▶ **REQUIRED ACTION**
An exact transcription of the records is required, minus any images.

PROVIDED RECORDS Block Start

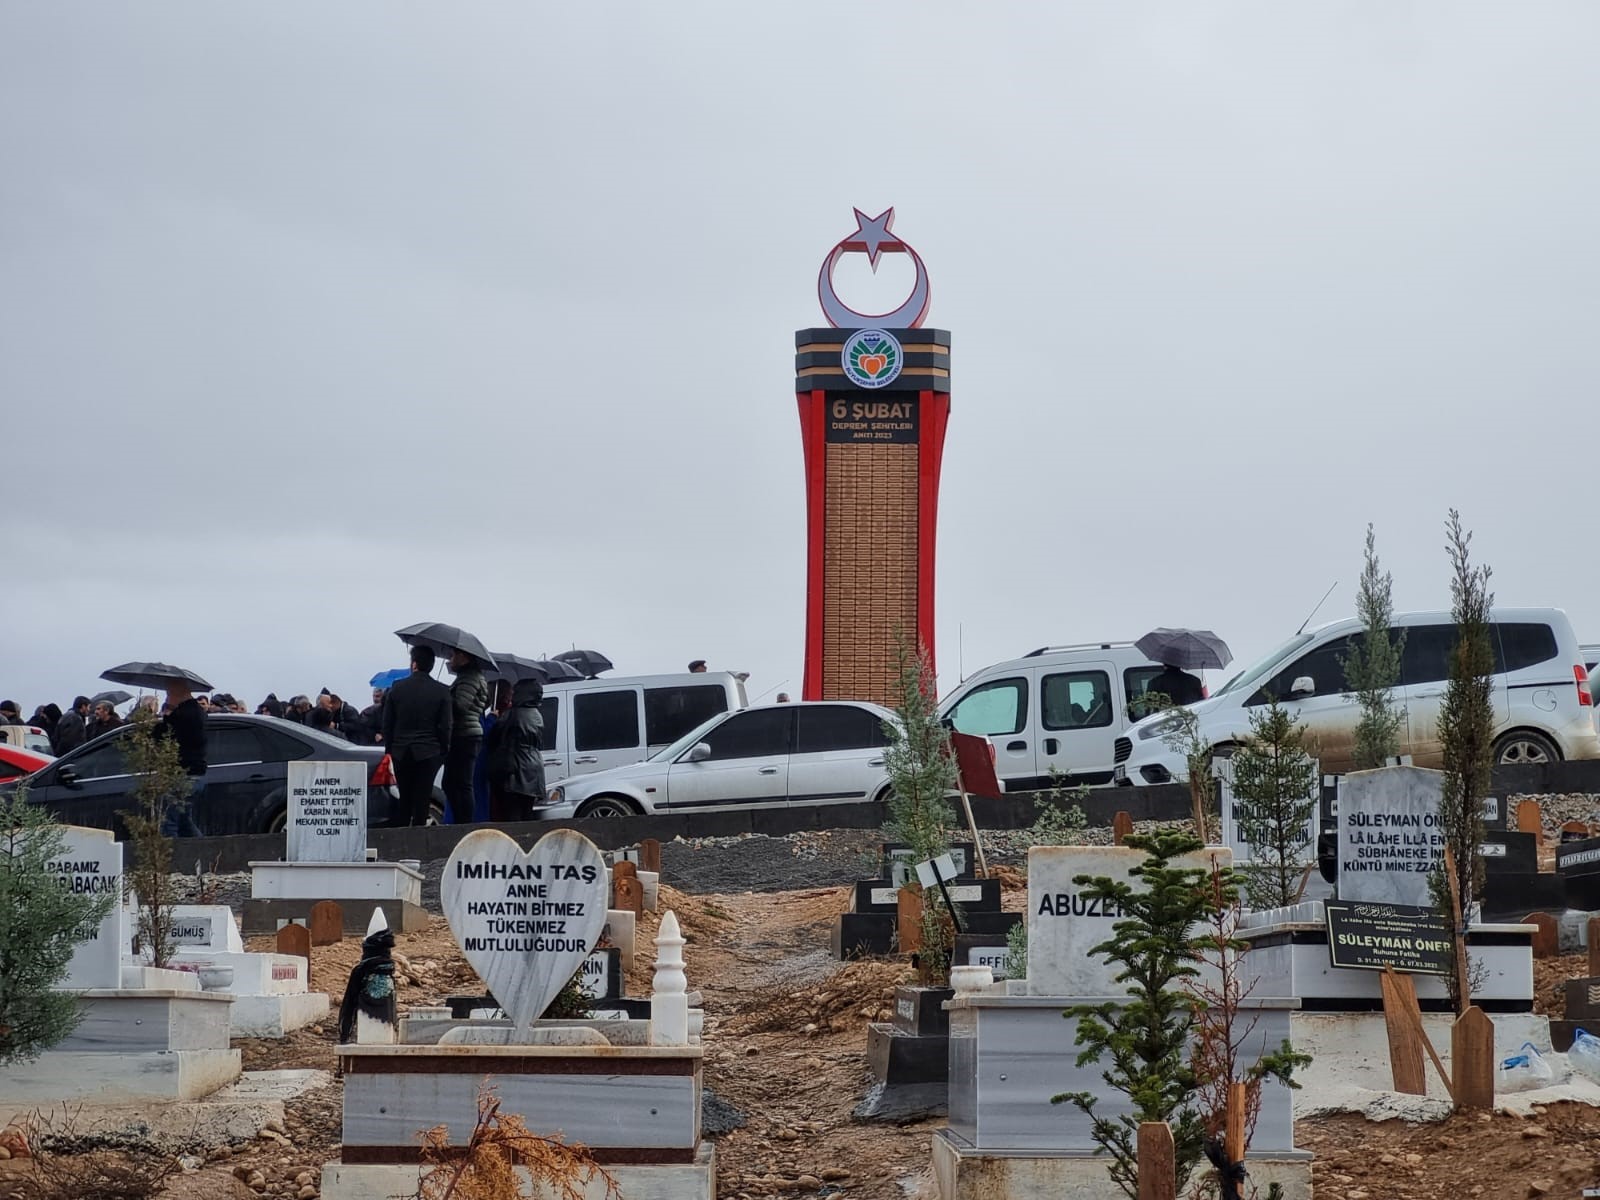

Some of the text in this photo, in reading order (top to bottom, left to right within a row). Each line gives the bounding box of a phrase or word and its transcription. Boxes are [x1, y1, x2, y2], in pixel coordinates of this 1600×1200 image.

[832, 399, 912, 421] 6 ŞUBAT
[831, 422, 868, 430] DEPREM
[310, 787, 327, 795] SENİ
[330, 787, 361, 795] RABBİME
[332, 797, 354, 805] ETTİM
[304, 807, 330, 815] KABRİN
[296, 818, 359, 826] MEKANIN CENNET
[1348, 812, 1448, 828] SÜLEYMAN ÖN
[316, 828, 340, 836] OLSUN
[1350, 832, 1365, 845] LÂ
[1367, 831, 1400, 845] İLÂHE
[1403, 832, 1428, 845] İLLÂ
[1358, 845, 1427, 859] SÜBHÂNEKE
[47, 861, 100, 873] BABAMIZ
[457, 861, 597, 884] İMİHAN TAŞ
[1344, 860, 1382, 872] KÜNTÜ
[507, 884, 547, 898] ANNE
[468, 900, 584, 916] HAYATIN BİTMEZ
[171, 925, 205, 940] GÜMÜŞ
[487, 917, 566, 934] TÜKENMEZ
[465, 936, 586, 952] MUTLULUĞUDUR
[1338, 932, 1451, 952] SÜLEYMAN ÖNER
[1373, 948, 1421, 958] Ruhuna Fatiha
[581, 957, 603, 975] KİN
[979, 954, 1010, 969] REFİ

PROVIDED RECORDS Block End

▶ **ANSWER FOR THE TASK**
Some of the text in this photo, in reading order (top to bottom, left to right within a row). Each line gives the bounding box of a phrase or word and its transcription. Boxes are [x1, y1, x2, y2], in pixel coordinates of this 1600×1200 image.

[832, 399, 912, 421] 6 ŞUBAT
[831, 422, 868, 430] DEPREM
[310, 787, 327, 795] SENİ
[330, 787, 361, 795] RABBİME
[332, 797, 354, 805] ETTİM
[304, 807, 330, 815] KABRİN
[296, 818, 359, 826] MEKANIN CENNET
[1348, 812, 1448, 828] SÜLEYMAN ÖN
[316, 828, 340, 836] OLSUN
[1350, 832, 1365, 845] LÂ
[1367, 831, 1400, 845] İLÂHE
[1403, 832, 1428, 845] İLLÂ
[1358, 845, 1427, 859] SÜBHÂNEKE
[47, 861, 100, 873] BABAMIZ
[457, 861, 597, 884] İMİHAN TAŞ
[1344, 860, 1382, 872] KÜNTÜ
[507, 884, 547, 898] ANNE
[468, 900, 584, 916] HAYATIN BİTMEZ
[171, 925, 205, 940] GÜMÜŞ
[487, 917, 566, 934] TÜKENMEZ
[465, 936, 586, 952] MUTLULUĞUDUR
[1338, 932, 1451, 952] SÜLEYMAN ÖNER
[1373, 948, 1421, 958] Ruhuna Fatiha
[581, 957, 603, 975] KİN
[979, 954, 1010, 969] REFİ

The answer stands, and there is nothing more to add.